Community Pitch

For African refugees, soccer is more than just a game.

"I came down to Commerce City and met with some of the coaches of the Hispanic teams there and saw that they were dirt-poor teams with no resources, but that the kids played from the heart," Evans remembers. "They played great soccer; they just couldn't afford access to the better fields and facilities."

Through his work, Evans organized scholarships for about thirty inner-city Hispanic girls to come play with the indoor league. "I felt proud of myself," he says. "I was excited. I couldn't wait for my kids to be playing with their kids, each learning something different about the game from one another. And then game day came around, and no one showed up. It wasn't a cost issue; it was a matter of Mom and Dad working on Sunday mornings. There was no transportation, no help for these kids to get to the games. I realized then I was going to have to think about this a little more."

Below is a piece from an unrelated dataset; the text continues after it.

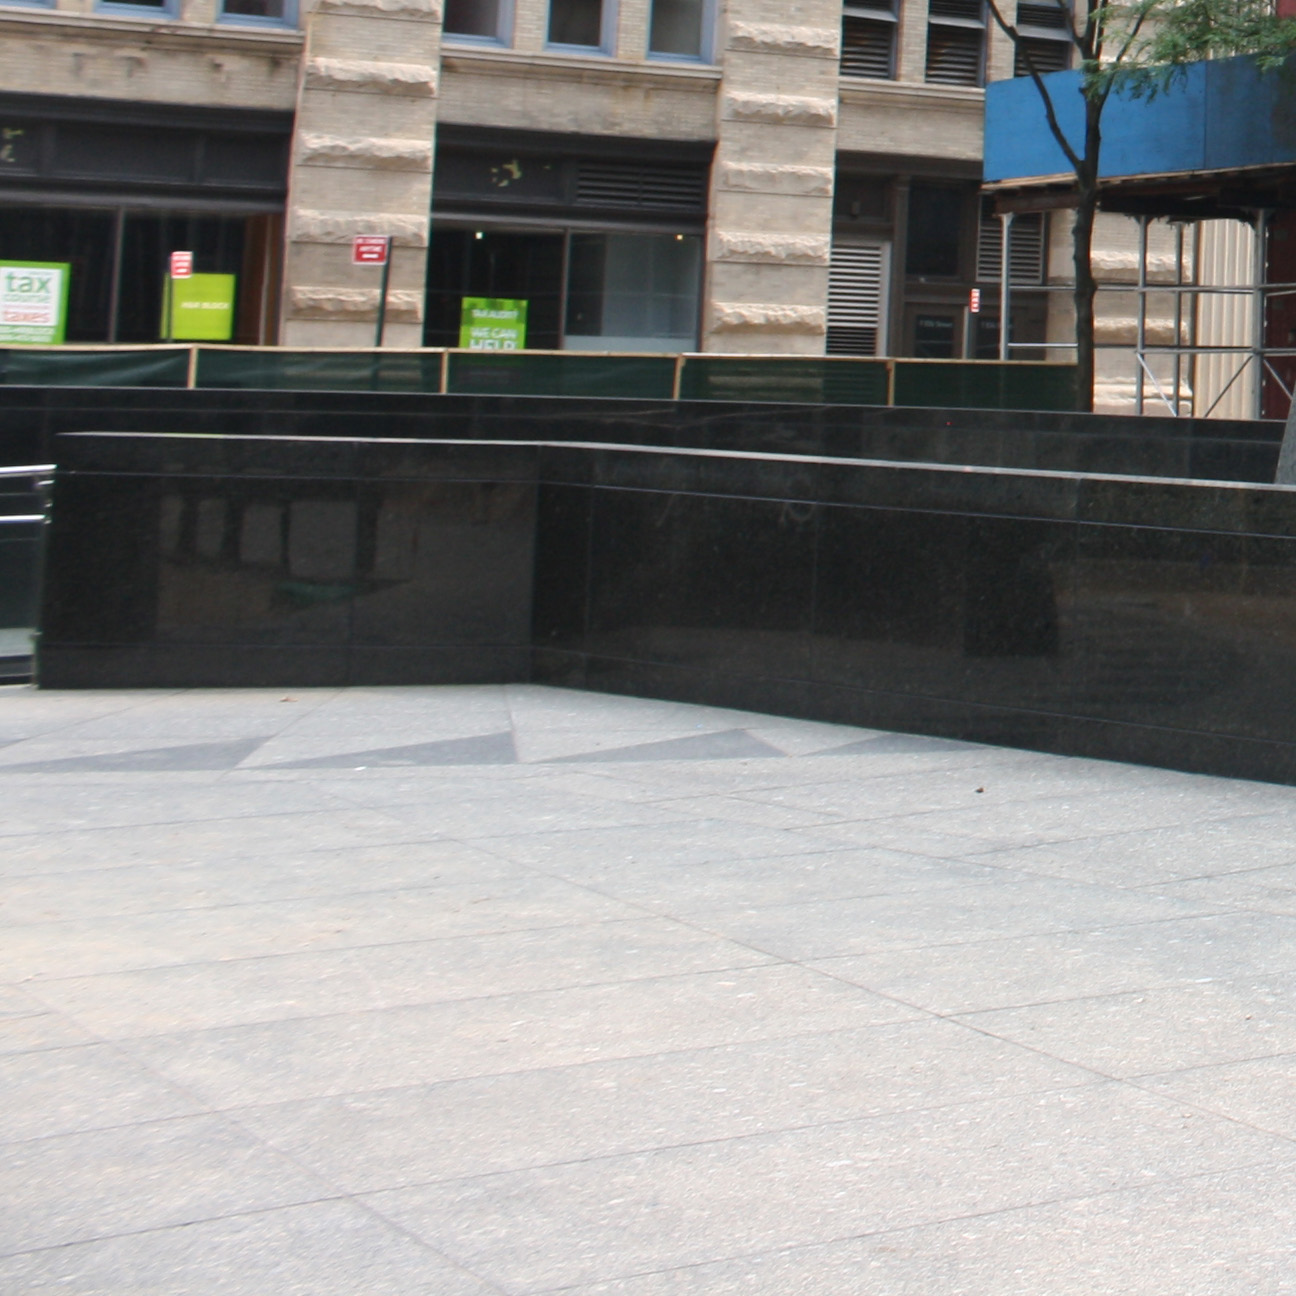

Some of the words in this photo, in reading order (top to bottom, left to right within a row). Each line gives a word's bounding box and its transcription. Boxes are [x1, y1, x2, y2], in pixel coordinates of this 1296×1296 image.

Evans had been doing a lot of volunteer work with Cranberg's education initiatives, particularly the Alliance for Choice in Education, the program that in 2004 promised college scholarships to 550 Horace Mann middle-school students upon completion of high school and, more recently, distributed $1.7 million in scholarship money to 800 Denver children so that they could attend the private school of their choice. "I was fascinated watching this whole thing going on," Evans remembers. "What impressed me most was how enabling it all was." He wondered if the same principles couldn't be applied to soccer. He was tired of going to his daughters' tournaments, looking out over a sprawling soccer complex of twenty fields and seeing only two black kids, maybe one Hispanic kid.

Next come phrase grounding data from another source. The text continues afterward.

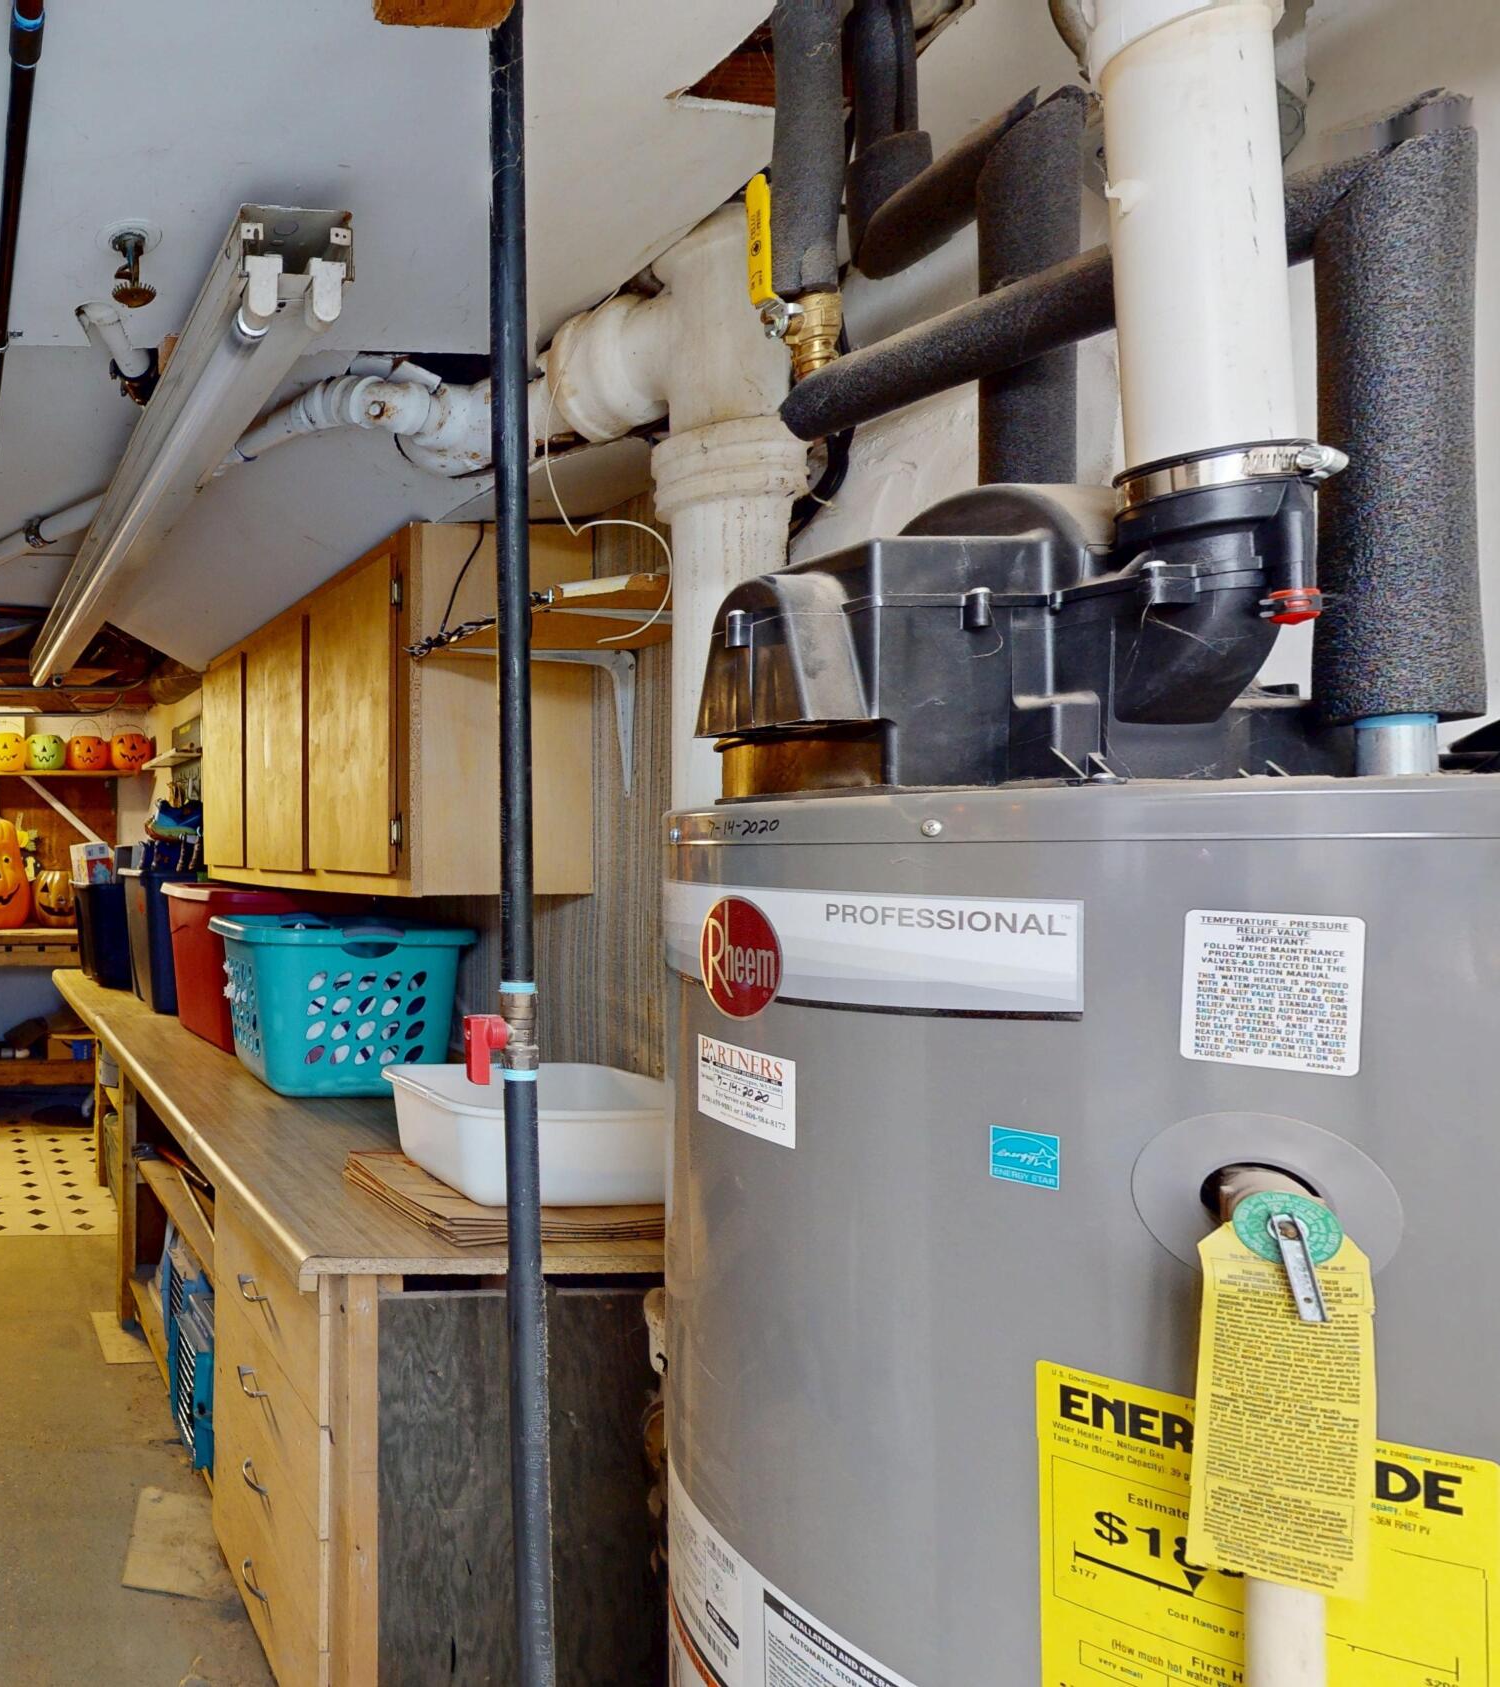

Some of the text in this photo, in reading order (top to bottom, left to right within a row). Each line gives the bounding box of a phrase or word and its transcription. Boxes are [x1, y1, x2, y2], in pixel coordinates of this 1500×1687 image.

[707, 819, 779, 837] 7-14-2020
[825, 903, 1067, 936] PROFESSIONAL
[1201, 916, 1279, 926] TEMPERATURE
[1289, 920, 1349, 930] PRESSURE
[1236, 926, 1310, 937] RELIEF VALVE
[707, 900, 776, 998] Rheem
[1203, 942, 1245, 951] FOLLOW
[1270, 946, 1345, 957] MAINTENANCE
[1208, 950, 1276, 960] PROCEDURES
[1303, 956, 1340, 964] RELIEF
[1201, 956, 1254, 966] VALVES-AS
[1258, 961, 1309, 970] DIRECTED
[1327, 965, 1347, 973] THE
[1215, 965, 1331, 979] INSTRUCTION MANUAL
[1221, 974, 1249, 982] WATER
[1253, 976, 1286, 984] HEATER
[1304, 980, 1349, 989] PROVIDED
[1234, 981, 1292, 992] TEMPERATURE
[1220, 988, 1248, 996] RELIEF
[1251, 990, 1275, 998] VALVE
[1279, 992, 1309, 1001] LISTED
[1196, 1000, 1223, 1008] RELIEF
[1226, 1002, 1255, 1011] VALVES
[1258, 1005, 1275, 1013] AND
[1278, 1007, 1327, 1017] AUTOMATIC
[1279, 1000, 1325, 1009] STANDARD
[1195, 1013, 1228, 1022] SUPPLY
[1238, 1010, 1273, 1019] DEVICES
[1317, 1018, 1347, 1026] WATER
[1214, 1022, 1232, 1030] SAFE
[1235, 1025, 1282, 1034] OPERATION
[1298, 1030, 1313, 1038] THE
[1316, 1032, 1347, 1040] WATER
[1227, 1038, 1268, 1048] REMOVED
[1270, 1042, 1295, 1050] FROM
[1249, 1033, 1276, 1041] RELIEF
[1321, 1040, 1346, 1048] MUST
[701, 1037, 783, 1081] PARTNERS
[1225, 1045, 1249, 1053] POINT
[1268, 1049, 1328, 1061] INSTALLATION
[1332, 1055, 1345, 1063] OR
[993, 1167, 1056, 1185] ENERGY STAR
[1068, 1373, 1110, 1390] Government
[1052, 1421, 1075, 1434] Water
[1077, 1429, 1103, 1442] Heater
[1116, 1440, 1147, 1456] Natural
[1149, 1448, 1165, 1461] Gas
[1052, 1432, 1071, 1445] Tank
[1073, 1439, 1089, 1450] Size
[1091, 1445, 1125, 1461] (Storage
[1127, 1492, 1190, 1521] Estimate
[1070, 1564, 1098, 1581] $177
[1167, 1608, 1240, 1639] Cost Range of
[783, 1609, 838, 1657] INSTALLATION
[837, 1650, 859, 1671] AND
[789, 1632, 835, 1673] AUTOMATIC
[1098, 1656, 1144, 1680] very small
[1111, 1638, 1135, 1657] (How
[1137, 1649, 1165, 1669] much
[1167, 1656, 1183, 1675] hot
[1185, 1667, 1213, 1687] water
[1191, 1655, 1226, 1678] First

Out of Africa: Head coach Daniel Smith (left) has overseen the team's growth from informal kick-abouts to a partnership with Hugh Evans (right) and the Colorado Clash.
Mark Manger
Out of Africa: Head coach Daniel Smith (left) has overseen the team's growth from informal kick-abouts to a partnership with Hugh Evans (right) and the Colorado Clash.
Here's the pitch: The team prepares for a scrimmage outside Dick's Sporting Goods Park.
Mark Manger
Here's the pitch: The team prepares for a scrimmage outside Dick's Sporting Goods Park.

"I couldn't shake the feeling that the kids who live and breathe this game were not out there," he says. "They were being priced out. In the rest of the world, most of the best players are the incredibly poor kids, the players who are pulled out of the barrios and favelas. I just thought, how many kids are we missing here?"

He talked to Cranberg about starting a soccer club that would give underprivileged kids access to better soccer, a club that would eventually cultivate top-notch soccer teams to rival the suburban powerhouses but would also focus on developing players off the field. He wanted to create a club like those in other parts of the world, where soccer is viewed as an entry point into other things, including education, health care and community spirit. And Cranberg gave Evans the go-ahead, agreeing to keep him on the payroll — Evans is supposed to help with technology when he can — while giving him the time to operate the Colorado Clash as a philanthropic endeavor backed by Aspect.

One of Evans's first moves was to hire Marc Francis, an Australian who's the former director of coaching for the Colorado Storm and has coached around Denver for a dozen years. Francis liked Evans's vision.

"If you look at soccer all over the world, apart from the United States, it's a lower-income, working-class sport," Francis explains. "South America, Africa, Asia, even in Europe. Because all you need is something that resembles a ball and you can play. But in this country, it's developed into an upper-middle-class sport, and there are kids, great players, who are missing the opportunity because of the way it's funded and structured. And these are kids who need soccer in their lives. That's where I want to help. I'm more interested in making them better people than better soccer players. The reality is that very few people ever make it professionally, but if you can instill some values and self-discipline, then you can help them in their lives."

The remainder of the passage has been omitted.